Mysterious plume of light reported in eastern sky

Formation in sky was a contrail from missile testing in New Mexico

PALM DESERT, Calif. - A mysterious plume of light in the sky east of the Coachella valley was a contrail from missile testing at the White Sands, N.M., Missile Complex, according to a spokeswoman at the military base.

A statement from the base said, "The test of the Patriot Advanced Capability 3 or PAC-3 missile was conducted using a Juno missile as a target. The Juno was launched from Fort Wingate near Gallup N.M., and flew to White Sands Missile Range to be intercepted by the PAC-3."

Spokeswoman Cammy Montoya said the test was successful.

News Channel 3 received a large number of calls from viewers reporting the unusual sight in the eastern sky.

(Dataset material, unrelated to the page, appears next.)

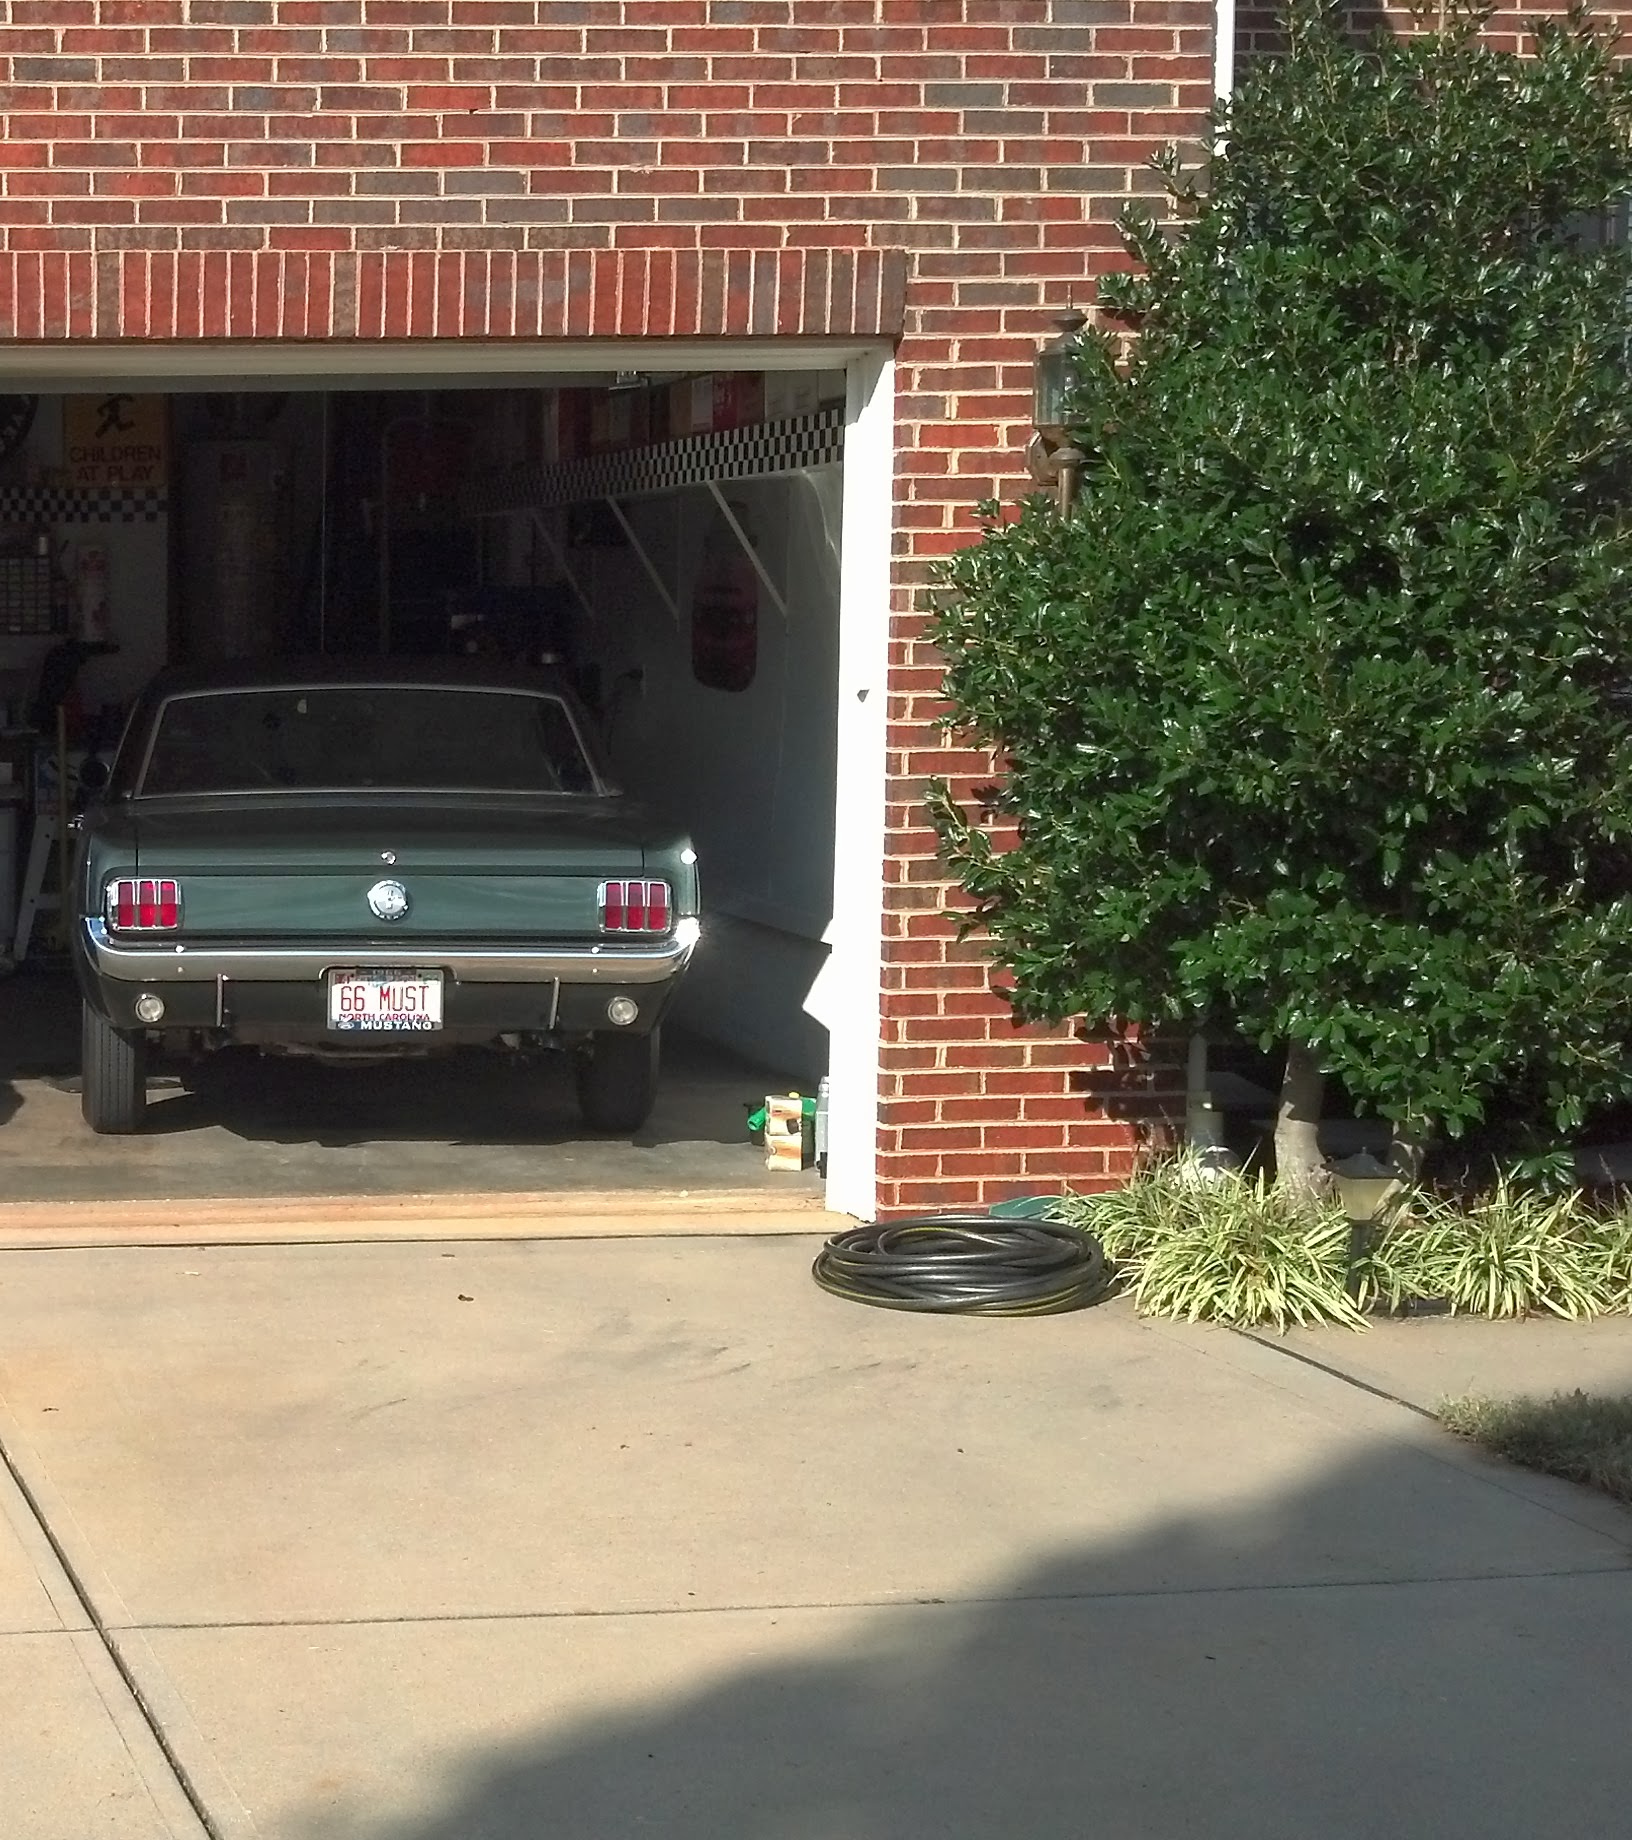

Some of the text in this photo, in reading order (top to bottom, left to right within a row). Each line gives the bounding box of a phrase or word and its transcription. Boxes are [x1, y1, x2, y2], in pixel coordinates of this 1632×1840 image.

White Sands is located more than 700 miles east of the Coachella valley and 300 miles east of Phoenix, where the plume was also highly visible in the predawn sky. 

People in Los Angeles, Law Vegas and Salt Lake City also reported seeing the streak in the sky.

The launch took place at 5:30 a.m.

A base statement said, "The sunlight lit up the contrail from the Juno creating a light show. The Juno performed as expected."

This was the 14th time a large ballistic target missile has been fired from Fort Wingate since 1998.

The contrail has not always been visible from so far away depending upon the time of day and atmospheric conditions.

Cambria Mraz reported watching the missile launch along with her husband, but they didn't know what they were watching at the time.  They live near the Marine Corp Air Ground Combat Training Center in Twentynine Palms and captured the sight on .

Local law enforcement agencies also received numerous calls from people reporting the missile launch.